ABS 052: Investigating Cognitive Function and BMI Dynamics through a Transcriptome-Wide Association Study

Srijani Chakraborty ¹ , Rebecca Signer ² , Laura Huckins ³

¹ Fischell Department of Bioengineering, University of Maryland, College Park
² Icahn School of Medicine at Mount Sinai
³ Department of Psychiatry, Yale School of Medicine

Van Wickle (2025) Volume 1, ABS 052

Introduction: This study aims to analyze cognitive function in relation to testing for body-mass index (BMI) dynamic loci. Cognitive function refers to mental processes such as attention, memory, reasoning, and decision-making. In genome-wide association studies (GWAS), genetic variants associated with various traits and diseases are identified. We analyzed two GWASes and created two Manhattan plots for cognitive function and insomnia, where multiple genes were identified and limited genetic information was specified. However, the function and the tissue annotations of these genes remain unclear. To address these challenges, we conducted a transcriptome-wide association study (TWAS) on cognitive function traits through a statistical method called S-Predixcan. Unlike traditional association studies, TWAS does not rely on individual variables alone. In this study, we included BMI as an individual variable to improve the accuracy and robustness of the TWAS analysis. By integrating multiple data sources and leveraging the strength of TWAS, we uncovered novel insights into 2 cognitive function canonical pathways (Sulfur Metabolism Pathway and Distal Deletion Syndrome) prevalent in 13 brain tissues and their 7 associated genes (SUOX, SULT1A1, SULT1A2, TUFM, SH2B1, NFATC2IP, and LAT), which were found to be significantly related to BMI, obesity, and eating disorders. This is a novel discovery relating the KEGG Sulfur Metabolism pathway and Distal Deletion Syndrome pathway with eating disorders. Understanding the relationship between these pathways and traits will provide a stronger understanding of what factors and genes could be responsible for eating disorders, helping develop genetic tests to screen for individuals at high risk for developing these disorders. This could also bridge the funding gap between eating disorder research and other areas of neurological research, accelerating a deeper understanding of how eating disorders are affected by cognitive function.

Methods: To perform a transcriptome-wide association study, GWAS summary statistics for cognitive function and insomnia were downloaded. Cognitive function was the primary trait, with insomnia as a negative control. Summary statistics came from two studies, with cognitive data obtained via UK Biobank (Verbal Numerical Reasoning subset). Data in GRCh37 format was aligned to GRCh38 using R, and logistic vs. linear regression differences were accounted for. Manhattan plots using Bonferroni correction visualized significant loci. After alignment, S-Predixcan was run on 13 brain tissues for both traits.

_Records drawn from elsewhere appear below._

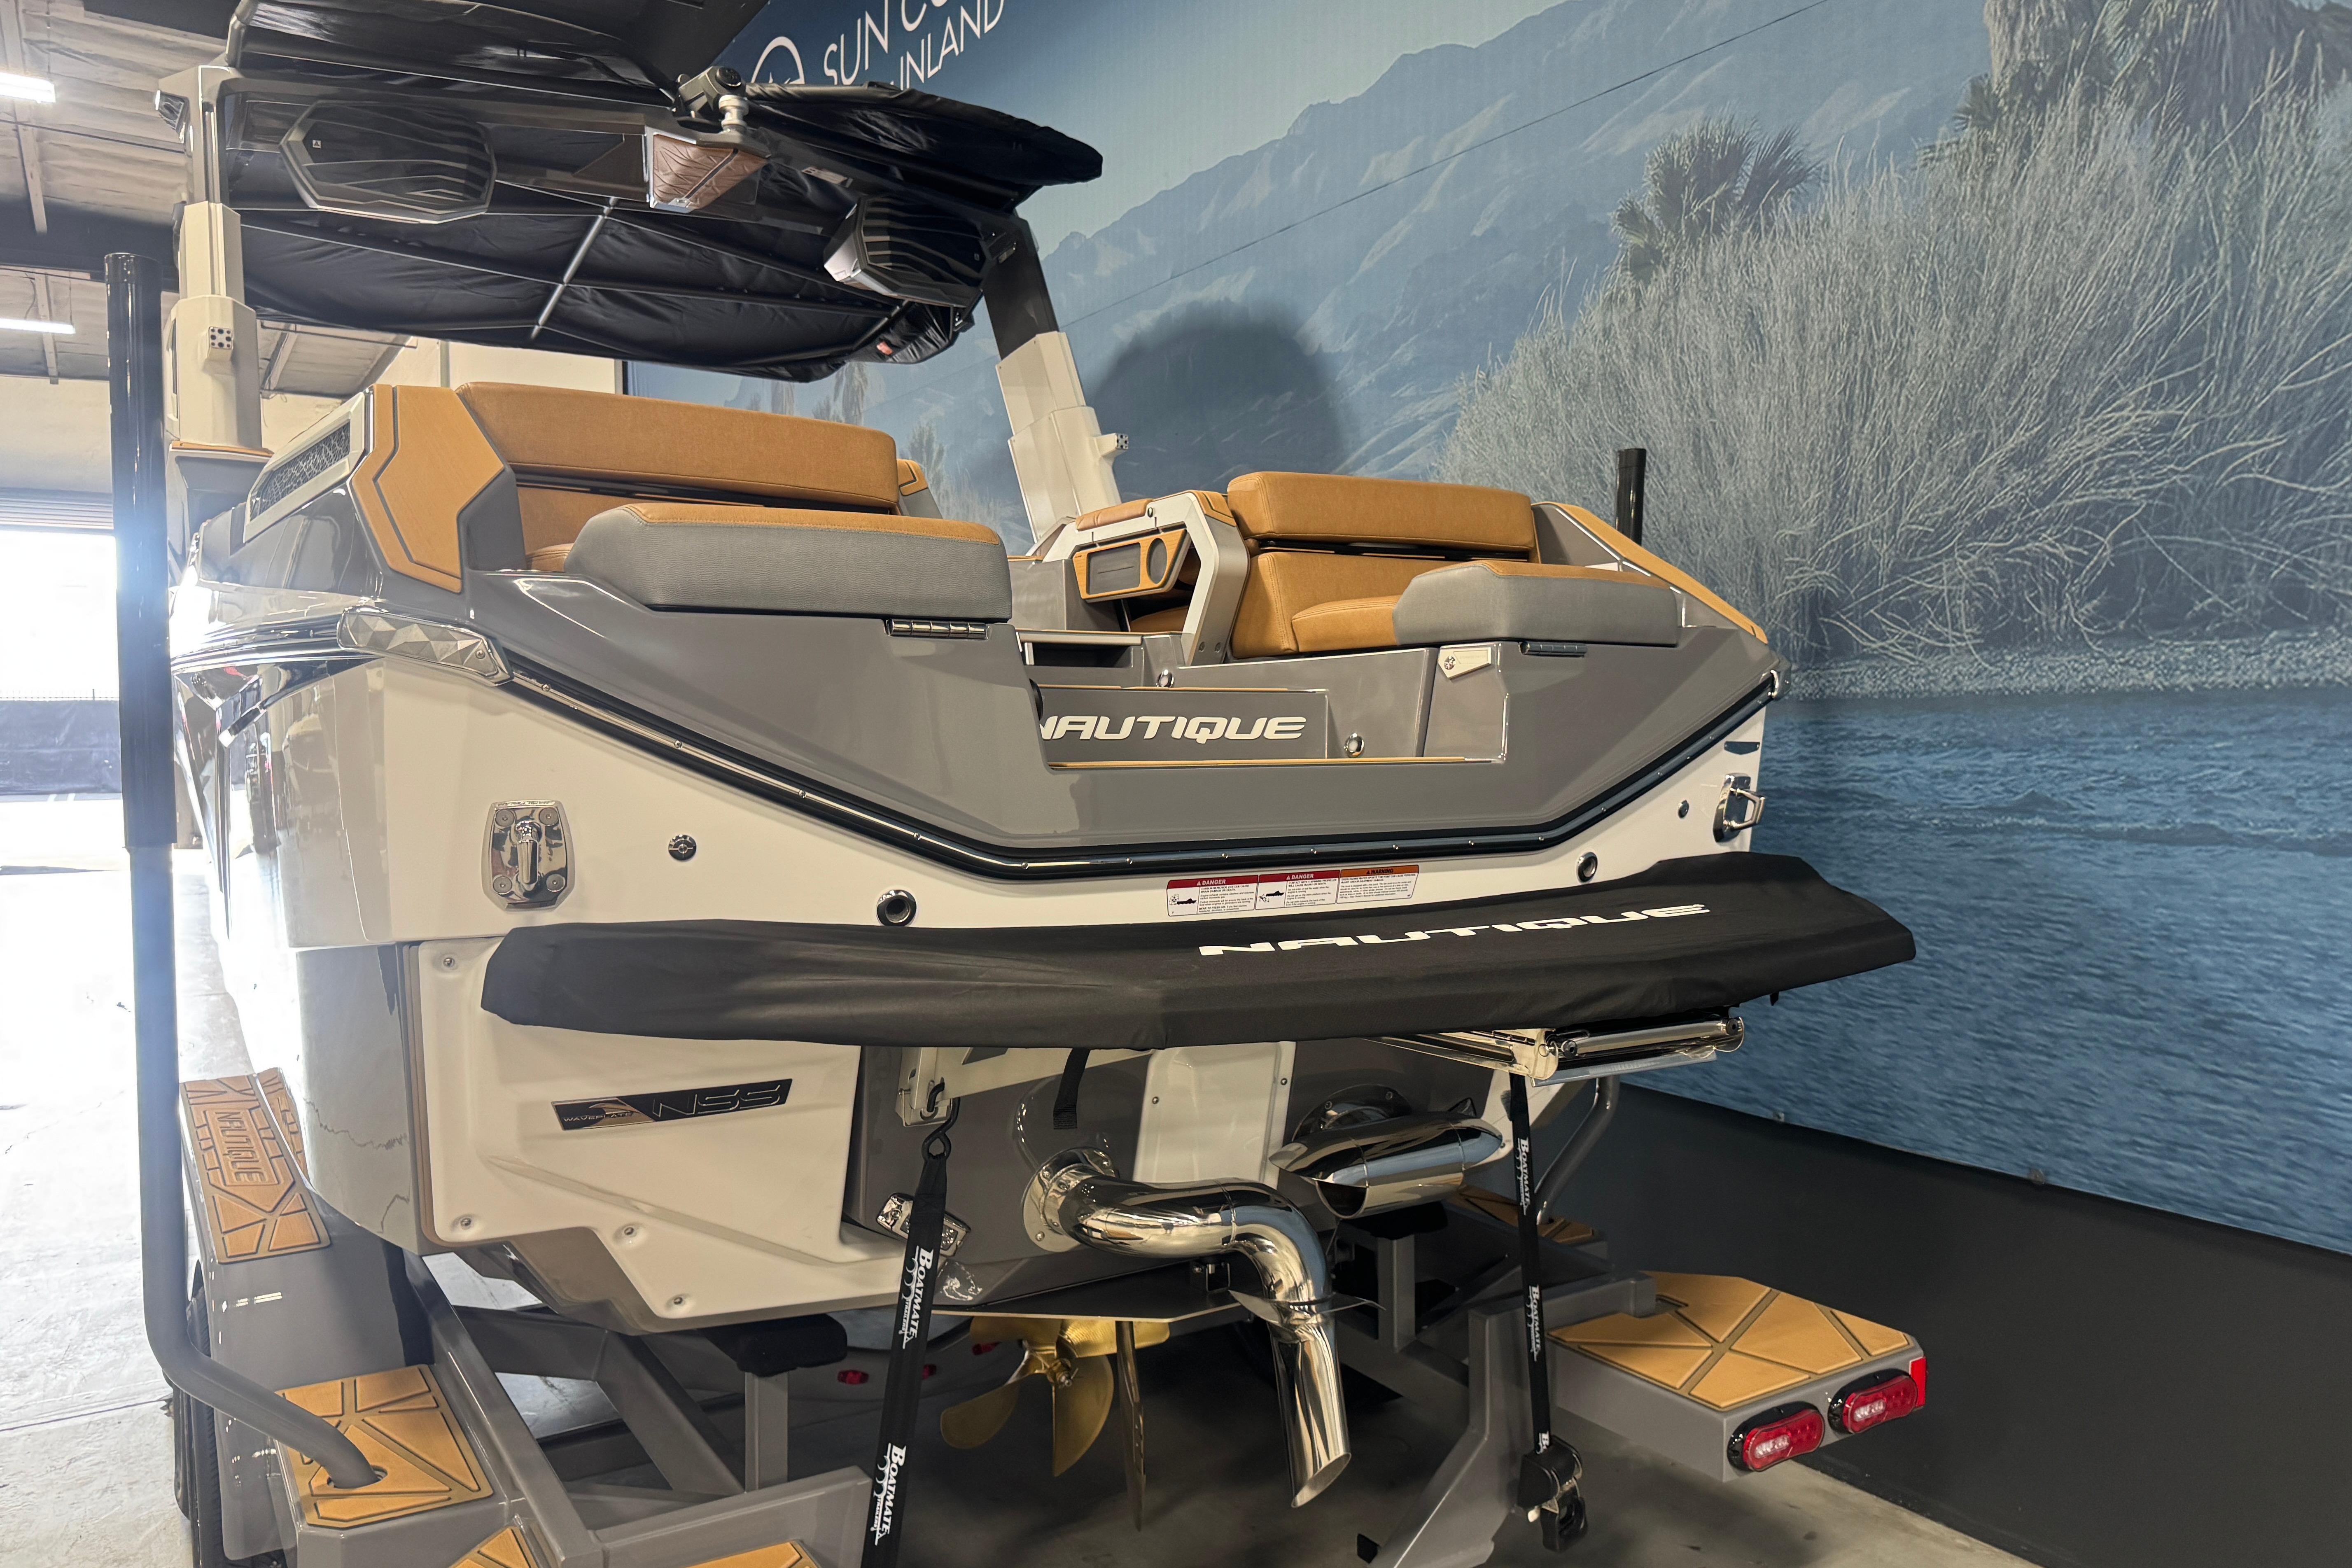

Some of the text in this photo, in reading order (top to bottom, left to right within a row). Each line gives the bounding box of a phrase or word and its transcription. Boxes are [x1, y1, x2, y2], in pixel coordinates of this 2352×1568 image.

[824, 0, 888, 85] SUN
[900, 0, 1004, 91] INLAND
[1199, 904, 1710, 956] NAUTIQUE
[652, 1084, 781, 1118] NSS
[215, 1111, 267, 1182] NAUTIQUE
[909, 1247, 934, 1338] BOATMATE
[882, 1445, 907, 1535] BOATMATE

Windows Powershell caused issues, so analyses were ultimately executed using Command Prompt. Post-analysis, R was used to extract significant genes, annotate them, and assess overlap with BMI-related QTLs. FUMA was used to annotate S-Predixcan outputs for each tissue. Significant genes were isolated, cross-referenced, and filtered by canonical pathways. A scatterplot of p-values across pathways was generated to identify key tissue-specific genetic associations with cognitive function.

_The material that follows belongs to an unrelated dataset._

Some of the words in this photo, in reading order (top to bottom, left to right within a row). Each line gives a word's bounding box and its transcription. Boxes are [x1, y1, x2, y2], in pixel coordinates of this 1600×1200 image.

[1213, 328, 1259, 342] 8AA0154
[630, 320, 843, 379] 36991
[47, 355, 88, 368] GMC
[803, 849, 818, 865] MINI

Results: Initial Manhattan plots showed 24 significant loci for cognitive function and seven for insomnia, indicating more genetic associations with cognitive function. S-Predixcan results reinforced this, revealing more Bonferroni-significant and BMI-QTL overlapping genes in cognitive function than insomnia. FUMA analysis of genes across 13 brain tissues identified two key canonical pathways: WP_16P112_DISTAL_DELETION_SYNDROME and KEGG_SULFUR_METABOLISM. The KEGG pathway (adjusted P ≥ 0.3) included SUOX, SULT1A1, and SULT1A2, while the WP pathway featured TUFM, SH2B1, NFATC2IP, and LAT. These findings suggest stronger and broader genetic involvement in cognitive function than in insomnia.

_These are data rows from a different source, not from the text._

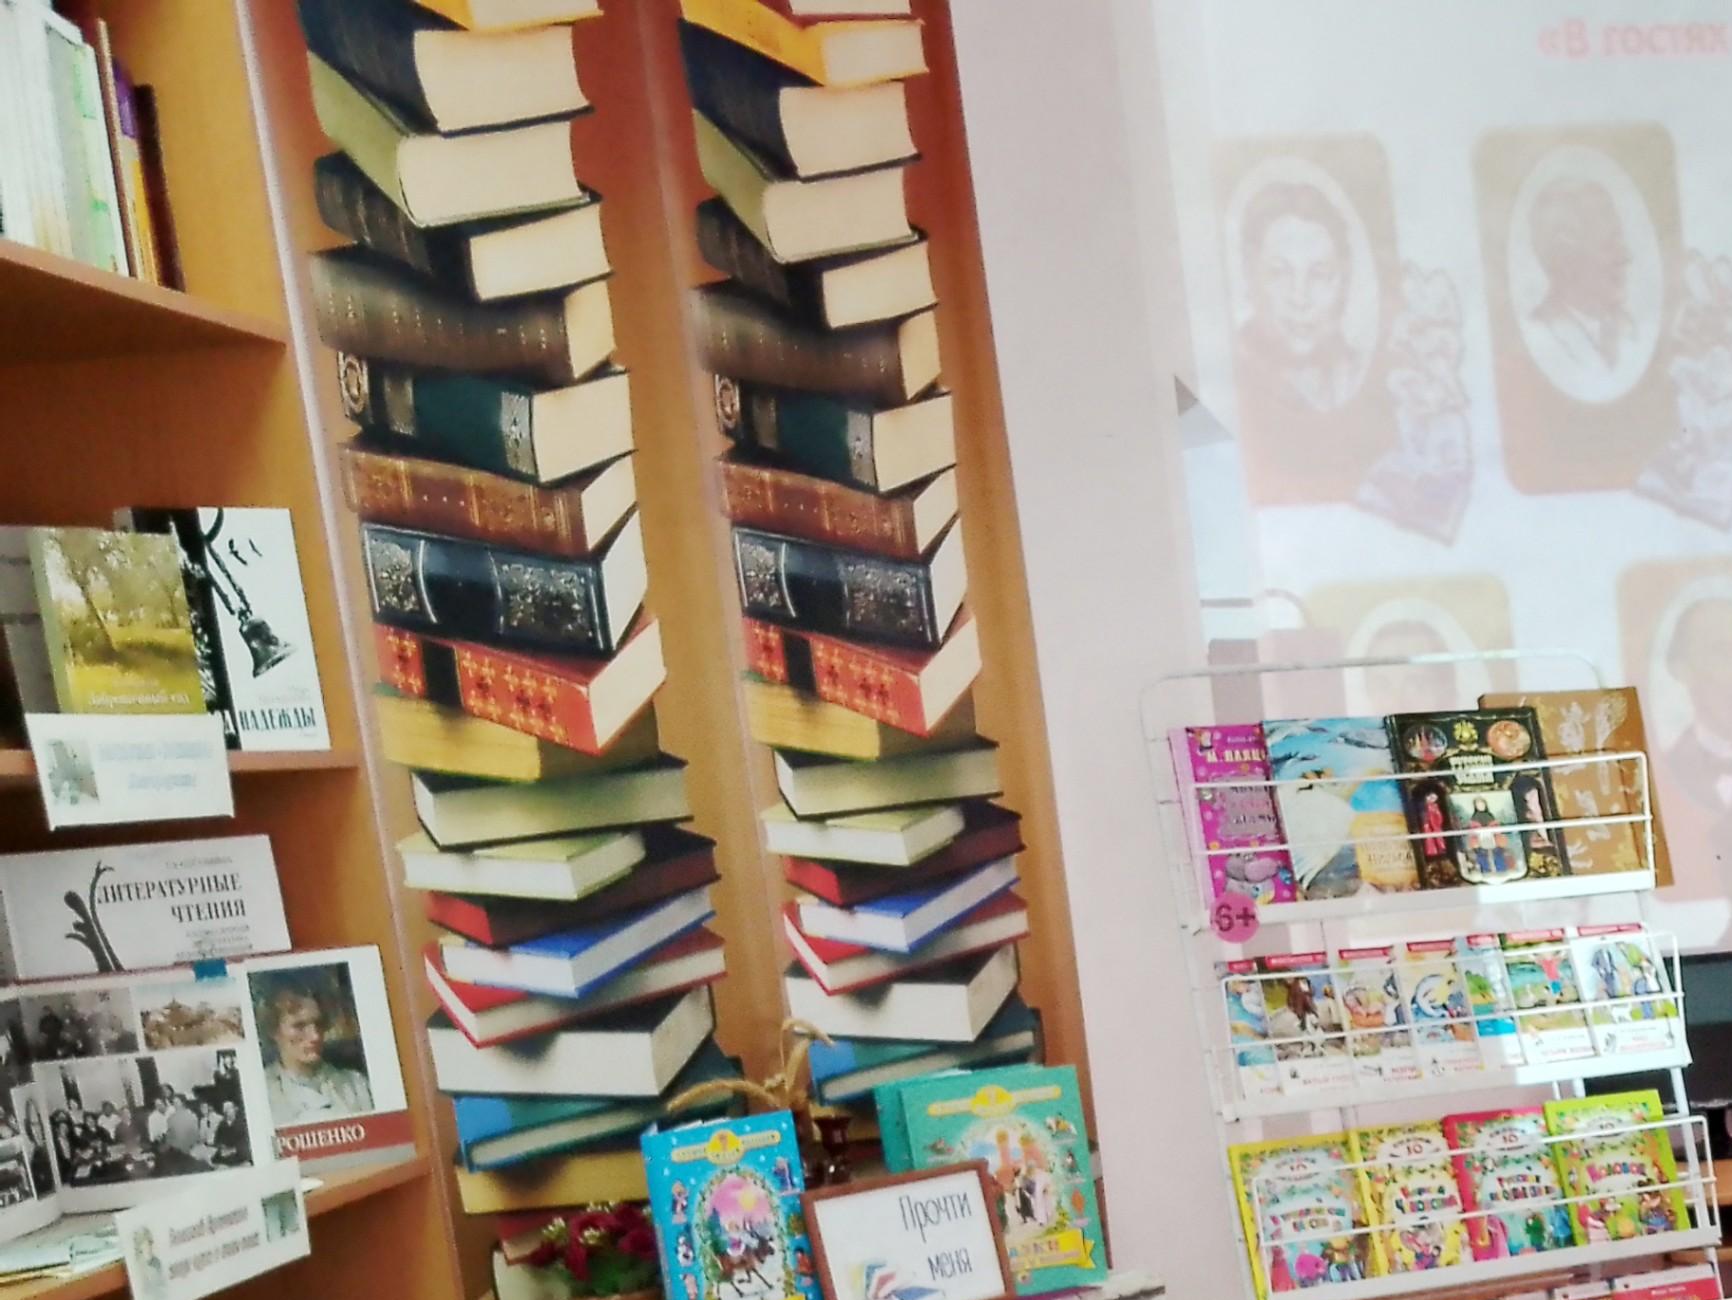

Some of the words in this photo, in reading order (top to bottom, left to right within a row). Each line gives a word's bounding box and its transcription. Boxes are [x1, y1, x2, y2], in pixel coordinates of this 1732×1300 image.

[1602, 20, 1728, 57] гостях
[97, 872, 242, 904] ЛИТЕРАТУРНЫЕ
[171, 899, 247, 923] ЧТЕНИЯ
[1215, 903, 1256, 932] 6+
[899, 1191, 972, 1244] Прочти
[927, 1247, 973, 1281] меня

Discussion: Cognitive function showed stronger genetic overlap with BMI than insomnia, supporting a biological link between cognition and body weight. S-Predixcan and FUMA analyses highlighted two key pathways: KEGG Sulfur Metabolism (genes: SUOX, SULT1A1, SULT1A2) and WP Distal Deletion Syndrome (TUFM, SH2B1, NFATC2IP, LAT), both implicated in obesity, cognitive decline, and eating disorders. These results suggest shared genetic mechanisms across cognitive function, BMI, and disordered eating. However, reliance on European-centric GWAS data limits generalizability. Future studies must include diverse populations and focus on specific neurodegenerative diseases to refine associations. This research underscores genetics' role in brain–metabolism–behavior interactions.